* Supplied information:
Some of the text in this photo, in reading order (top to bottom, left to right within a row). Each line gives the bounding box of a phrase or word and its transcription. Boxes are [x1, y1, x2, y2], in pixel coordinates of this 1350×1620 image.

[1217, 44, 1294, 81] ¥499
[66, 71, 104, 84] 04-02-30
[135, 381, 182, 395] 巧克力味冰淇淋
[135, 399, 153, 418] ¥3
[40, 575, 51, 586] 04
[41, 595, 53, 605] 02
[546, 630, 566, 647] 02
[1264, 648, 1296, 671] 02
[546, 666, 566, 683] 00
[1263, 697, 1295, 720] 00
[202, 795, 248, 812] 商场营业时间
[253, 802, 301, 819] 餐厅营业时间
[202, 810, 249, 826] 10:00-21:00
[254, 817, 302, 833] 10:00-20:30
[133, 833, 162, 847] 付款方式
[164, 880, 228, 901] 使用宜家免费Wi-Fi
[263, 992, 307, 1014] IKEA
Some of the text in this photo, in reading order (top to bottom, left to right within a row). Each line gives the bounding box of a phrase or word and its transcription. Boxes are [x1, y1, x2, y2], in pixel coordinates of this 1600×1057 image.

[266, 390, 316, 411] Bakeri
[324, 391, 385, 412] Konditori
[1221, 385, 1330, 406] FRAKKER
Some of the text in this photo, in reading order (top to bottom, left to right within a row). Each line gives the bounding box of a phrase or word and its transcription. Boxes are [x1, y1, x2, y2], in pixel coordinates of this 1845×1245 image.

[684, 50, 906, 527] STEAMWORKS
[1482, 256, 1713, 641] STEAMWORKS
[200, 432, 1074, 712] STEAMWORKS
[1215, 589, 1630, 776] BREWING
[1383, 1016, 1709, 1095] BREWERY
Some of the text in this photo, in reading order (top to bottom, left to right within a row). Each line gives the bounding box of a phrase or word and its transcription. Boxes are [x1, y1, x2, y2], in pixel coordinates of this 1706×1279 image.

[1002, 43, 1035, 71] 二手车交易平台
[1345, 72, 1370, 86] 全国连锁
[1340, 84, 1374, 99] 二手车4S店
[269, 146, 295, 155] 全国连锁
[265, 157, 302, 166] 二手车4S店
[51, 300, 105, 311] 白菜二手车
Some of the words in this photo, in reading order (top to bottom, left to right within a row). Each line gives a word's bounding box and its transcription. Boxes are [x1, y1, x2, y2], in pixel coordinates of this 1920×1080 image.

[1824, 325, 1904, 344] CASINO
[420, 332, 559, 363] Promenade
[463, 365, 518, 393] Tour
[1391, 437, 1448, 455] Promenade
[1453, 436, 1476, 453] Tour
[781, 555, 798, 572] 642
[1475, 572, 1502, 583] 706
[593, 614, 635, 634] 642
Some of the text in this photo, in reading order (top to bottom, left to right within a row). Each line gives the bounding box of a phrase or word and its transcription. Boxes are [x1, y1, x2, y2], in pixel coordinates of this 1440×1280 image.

* Action item:
Write the entries out again in full, exactly as they appear above.

* Answer section:
Some of the text in this photo, in reading order (top to bottom, left to right within a row). Each line gives the bounding box of a phrase or word and its transcription. Boxes are [x1, y1, x2, y2], in pixel coordinates of this 1350×1620 image.

[1217, 44, 1294, 81] ¥499
[66, 71, 104, 84] 04-02-30
[135, 381, 182, 395] 巧克力味冰淇淋
[135, 399, 153, 418] ¥3
[40, 575, 51, 586] 04
[41, 595, 53, 605] 02
[546, 630, 566, 647] 02
[1264, 648, 1296, 671] 02
[546, 666, 566, 683] 00
[1263, 697, 1295, 720] 00
[202, 795, 248, 812] 商场营业时间
[253, 802, 301, 819] 餐厅营业时间
[202, 810, 249, 826] 10:00-21:00
[254, 817, 302, 833] 10:00-20:30
[133, 833, 162, 847] 付款方式
[164, 880, 228, 901] 使用宜家免费Wi-Fi
[263, 992, 307, 1014] IKEA
Some of the text in this photo, in reading order (top to bottom, left to right within a row). Each line gives the bounding box of a phrase or word and its transcription. Boxes are [x1, y1, x2, y2], in pixel coordinates of this 1600×1057 image.

[266, 390, 316, 411] Bakeri
[324, 391, 385, 412] Konditori
[1221, 385, 1330, 406] FRAKKER
Some of the text in this photo, in reading order (top to bottom, left to right within a row). Each line gives the bounding box of a phrase or word and its transcription. Boxes are [x1, y1, x2, y2], in pixel coordinates of this 1845×1245 image.

[684, 50, 906, 527] STEAMWORKS
[1482, 256, 1713, 641] STEAMWORKS
[200, 432, 1074, 712] STEAMWORKS
[1215, 589, 1630, 776] BREWING
[1383, 1016, 1709, 1095] BREWERY
Some of the text in this photo, in reading order (top to bottom, left to right within a row). Each line gives the bounding box of a phrase or word and its transcription. Boxes are [x1, y1, x2, y2], in pixel coordinates of this 1706×1279 image.

[1002, 43, 1035, 71] 二手车交易平台
[1345, 72, 1370, 86] 全国连锁
[1340, 84, 1374, 99] 二手车4S店
[269, 146, 295, 155] 全国连锁
[265, 157, 302, 166] 二手车4S店
[51, 300, 105, 311] 白菜二手车
Some of the words in this photo, in reading order (top to bottom, left to right within a row). Each line gives a word's bounding box and its transcription. Boxes are [x1, y1, x2, y2], in pixel coordinates of this 1920×1080 image.

[1824, 325, 1904, 344] CASINO
[420, 332, 559, 363] Promenade
[463, 365, 518, 393] Tour
[1391, 437, 1448, 455] Promenade
[1453, 436, 1476, 453] Tour
[781, 555, 798, 572] 642
[1475, 572, 1502, 583] 706
[593, 614, 635, 634] 642
Some of the text in this photo, in reading order (top to bottom, left to right within a row). Each line gives the bounding box of a phrase or word and its transcription. Boxes are [x1, y1, x2, y2], in pixel coordinates of this 1440×1280 image.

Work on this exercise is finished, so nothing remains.